The task>
Set down the data again word for word. Skip any pictures.

Source records>
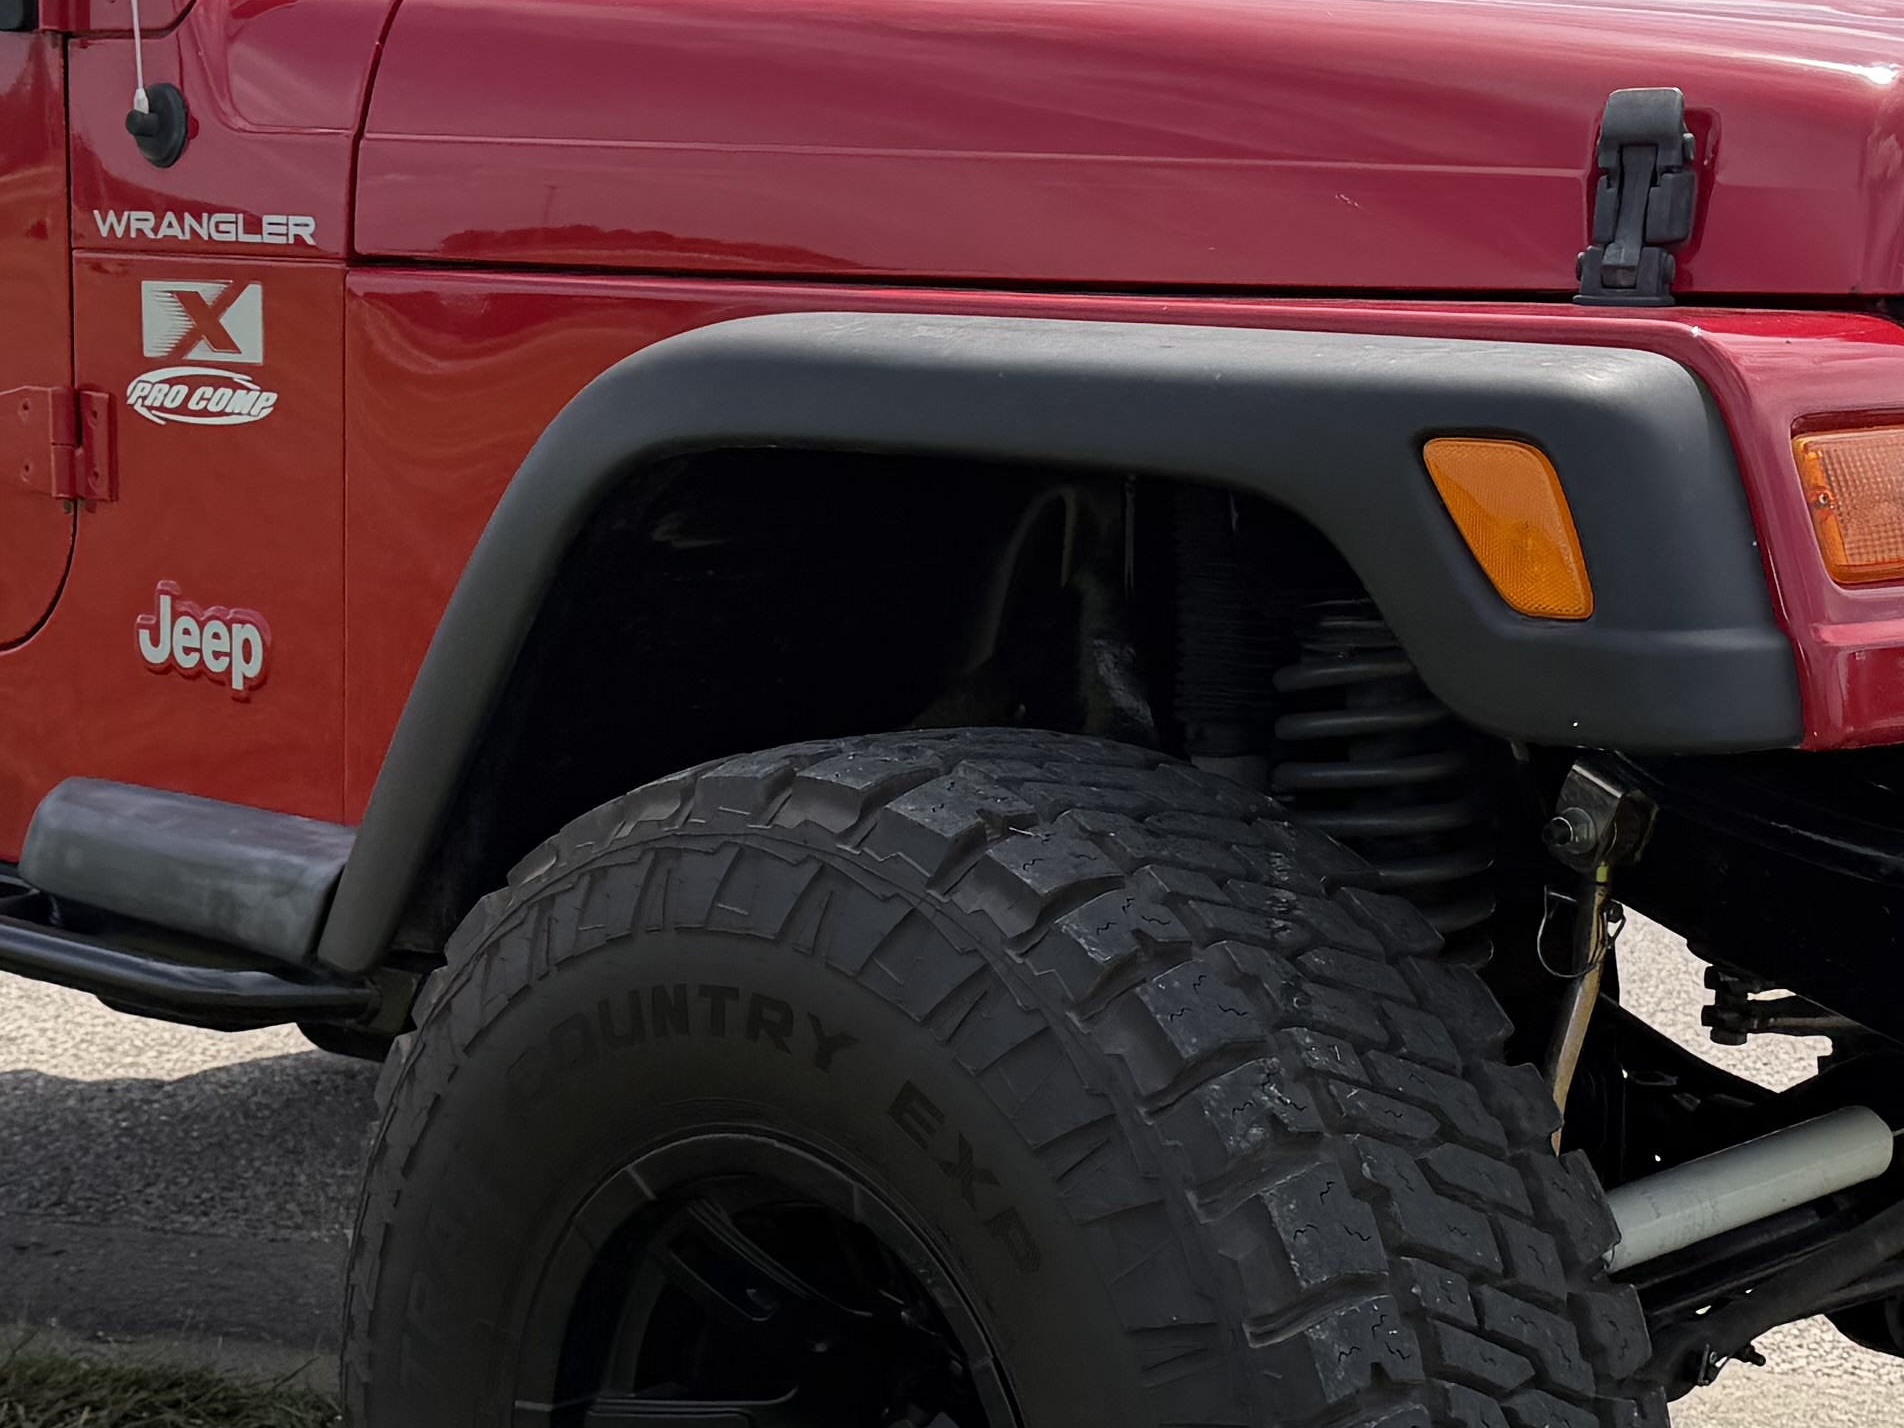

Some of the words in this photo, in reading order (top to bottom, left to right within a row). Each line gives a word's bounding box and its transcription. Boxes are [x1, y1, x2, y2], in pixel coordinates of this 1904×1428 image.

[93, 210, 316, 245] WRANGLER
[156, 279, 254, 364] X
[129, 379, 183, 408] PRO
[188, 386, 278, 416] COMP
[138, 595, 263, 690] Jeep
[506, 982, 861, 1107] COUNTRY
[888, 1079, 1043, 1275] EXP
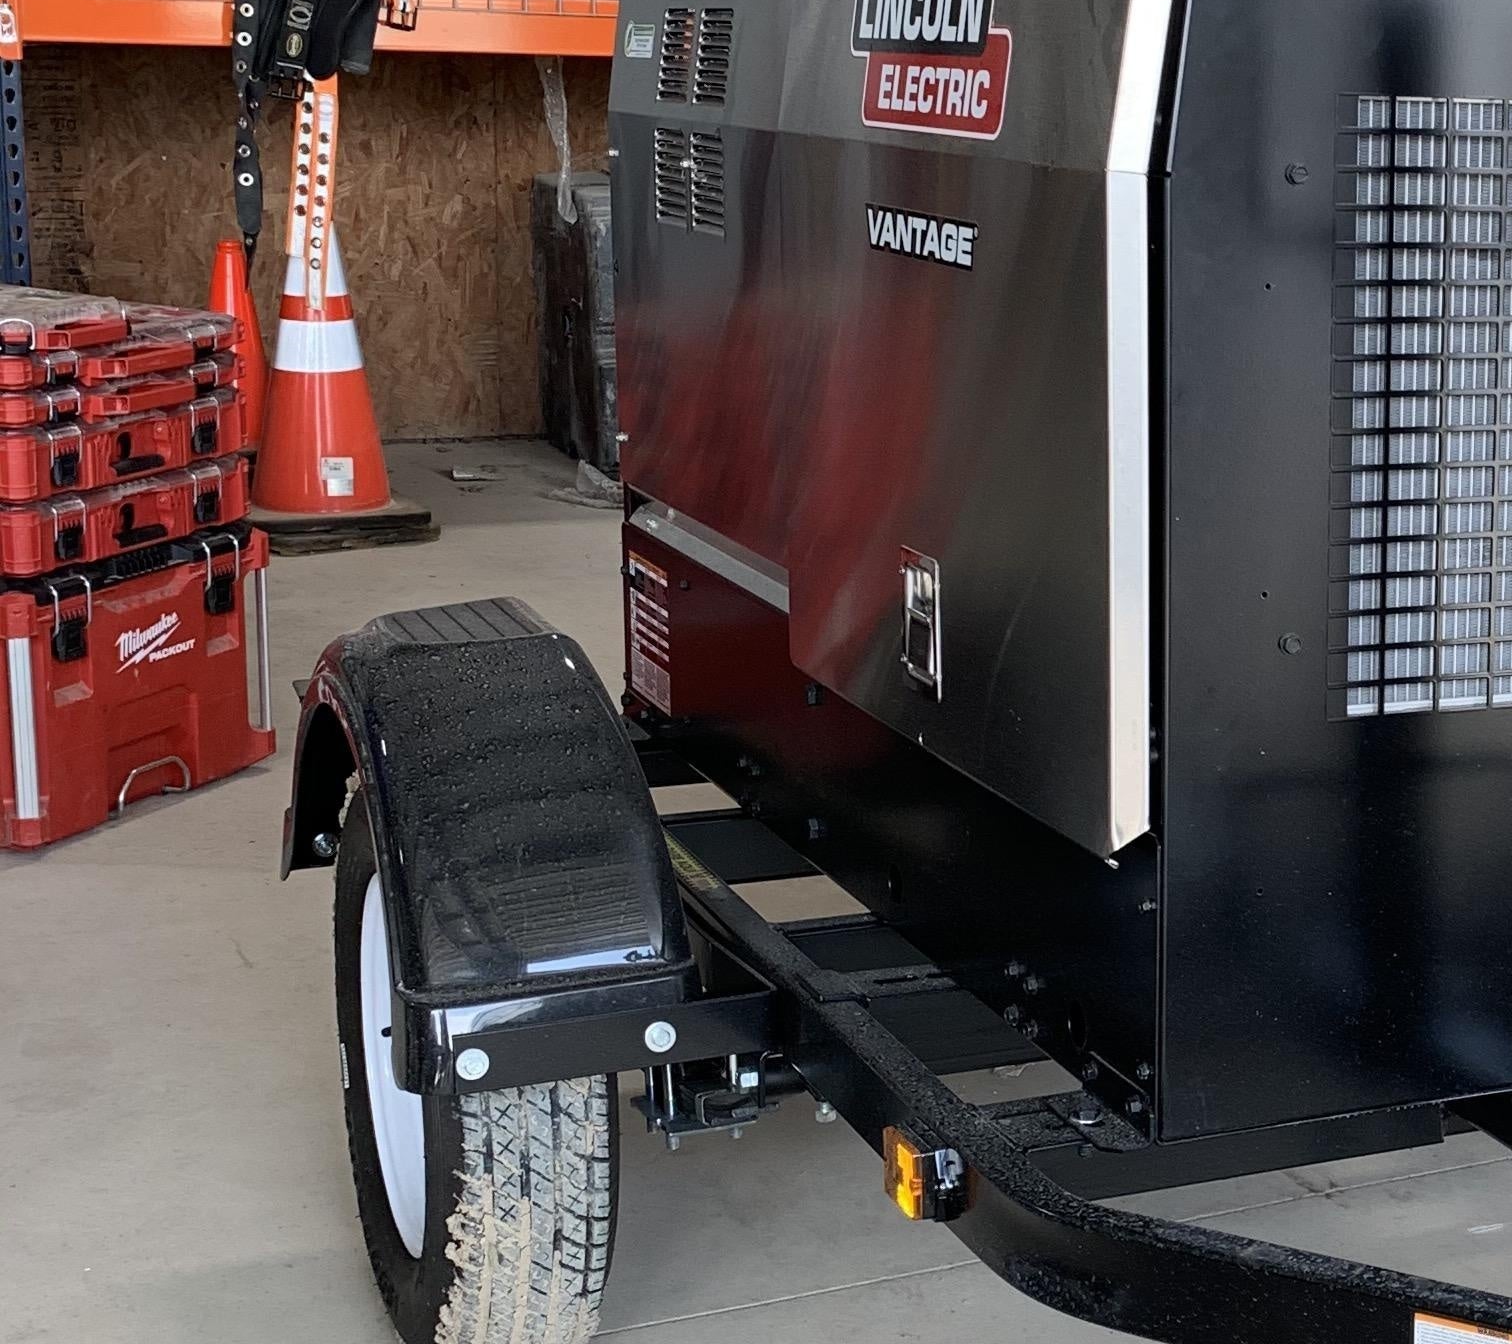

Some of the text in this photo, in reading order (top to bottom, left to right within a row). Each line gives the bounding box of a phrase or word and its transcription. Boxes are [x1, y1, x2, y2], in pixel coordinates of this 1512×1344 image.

Response to the exercise>
Some of the words in this photo, in reading order (top to bottom, left to right within a row). Each line gives a word's bounding box and its transcription. Boxes are [x1, y1, x2, y2], in pixel coordinates of this 1904×1428 image.

[93, 210, 316, 245] WRANGLER
[156, 279, 254, 364] X
[129, 379, 183, 408] PRO
[188, 386, 278, 416] COMP
[138, 595, 263, 690] Jeep
[506, 982, 861, 1107] COUNTRY
[888, 1079, 1043, 1275] EXP

Some of the text in this photo, in reading order (top to bottom, left to right within a row). Each line gives the bounding box of a phrase or word and its transcription. Boxes are [x1, y1, x2, y2], in pixel coordinates of this 1512×1344 image.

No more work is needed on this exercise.